KPMG Luxembourg welcomes the European Union’s recent confirmation of the soundness of the advanced tax agreement system. KPMG Luxembourg’s Georges Bock commented:
“The European Union has made it crystal clear that the practice of tax rulings makes sense and is legitimate. Pierre Moscovici – the Member of the EC in charge of Economic and Financial Affairs, Taxation and Customs - came out in support of the tax ruling concept, stating that it is out of the question to ban or regulate the advanced agreement process.”

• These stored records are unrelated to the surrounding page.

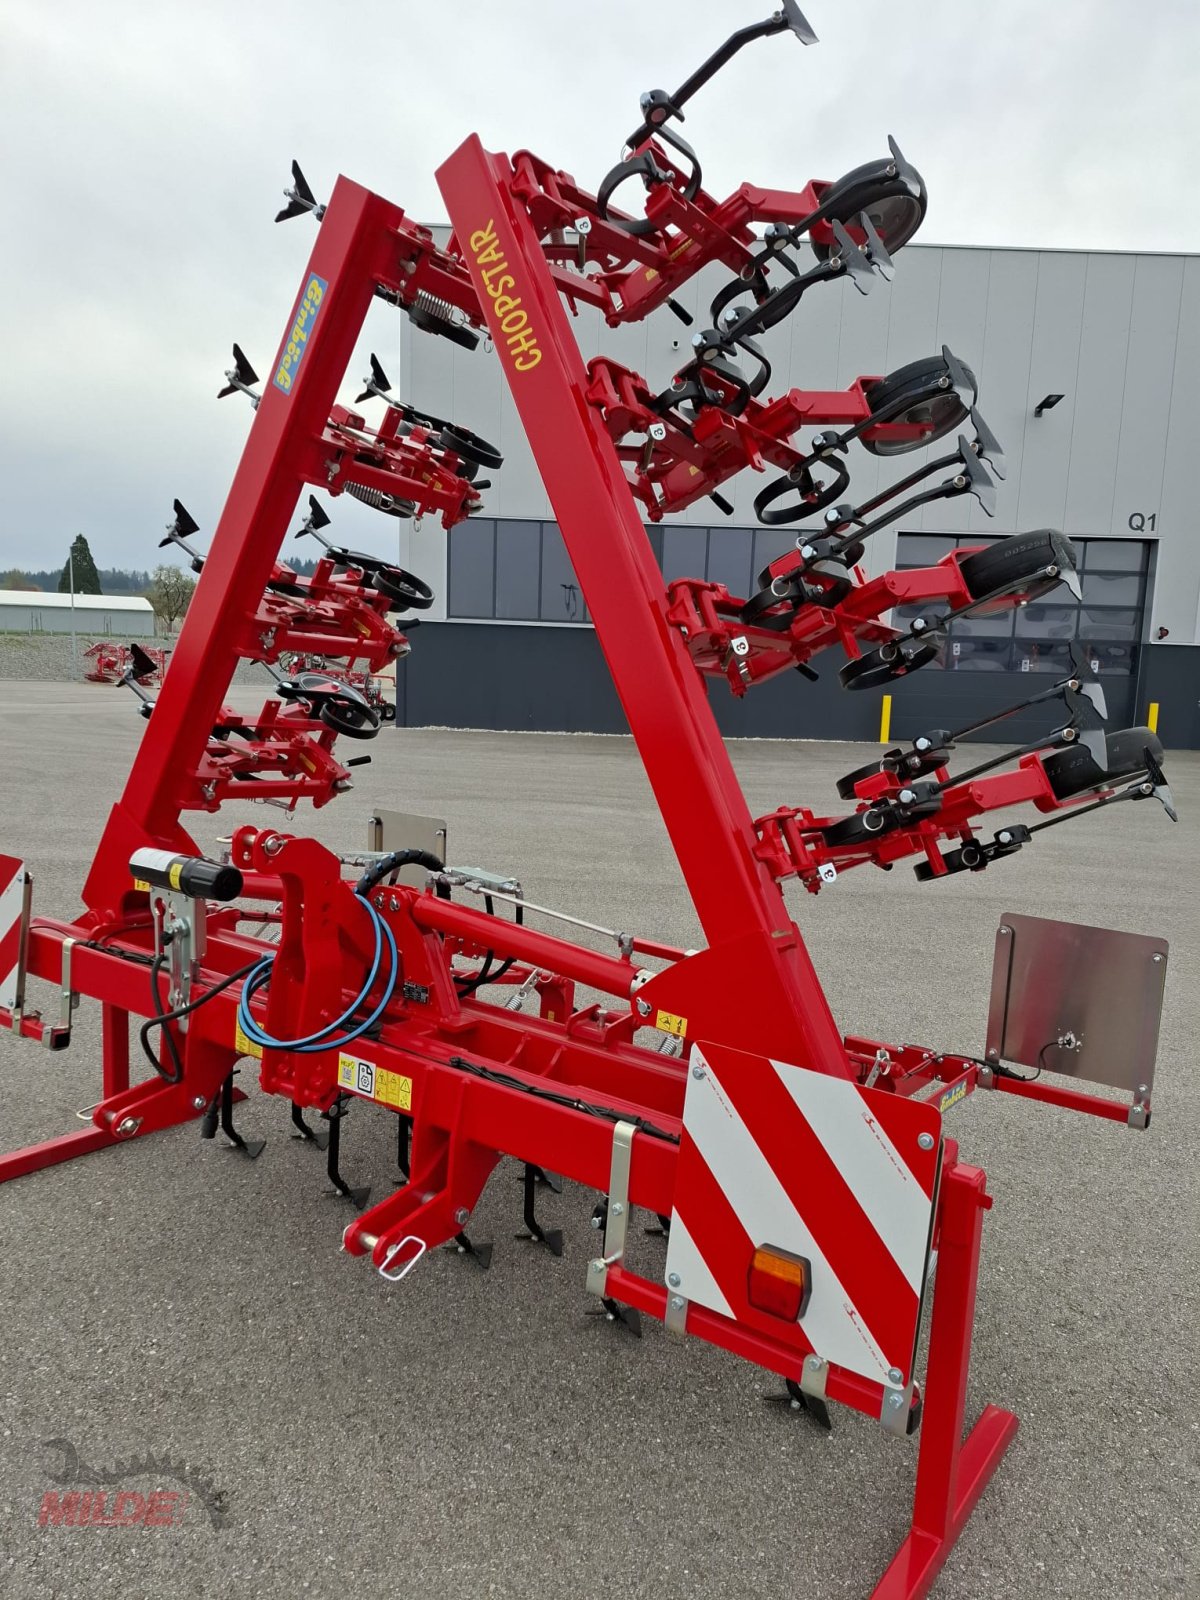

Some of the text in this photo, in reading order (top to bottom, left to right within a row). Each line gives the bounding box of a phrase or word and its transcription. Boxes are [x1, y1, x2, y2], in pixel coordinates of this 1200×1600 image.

[579, 221, 589, 230] 3
[469, 219, 542, 371] CHOPSTAR
[277, 279, 323, 391] Einböck
[653, 427, 664, 437] 3
[1128, 512, 1157, 532] Q1
[736, 642, 746, 651] 3
[824, 869, 834, 879] 3

“We support this statement and believe it was backed up by sound reasoning. Tax rulings – as Moscovici mentioned - are a tool for good management. They offer certitude and predictability for businesses, by giving advanced confirmation of the taxes to be paid in the coming years. As a business leader, I can vouch for the importance of this: we have a duty and responsibility to plan for the future. I fully support the EU’s efforts to tackle tax evasion and ensure that everyone pays their fair share of taxes with full transparency between different countries. However, tax rulings cannot – and should not – take the blame here and the EU is right to give certainty on this point.”
“Mr. Moscovici’s statements validate Luxembourg’s decision to leave its tax ruling system in place. Rather than putting restrictions on tax rulings, Luxembourg can instead give tax authorities the tools and resources to manage the process and make top quality decisions”
Georges Bock also welcomed Mr. Moscovici’s statement that making tax agreements publicly available would constitute a violation of data privacy rules.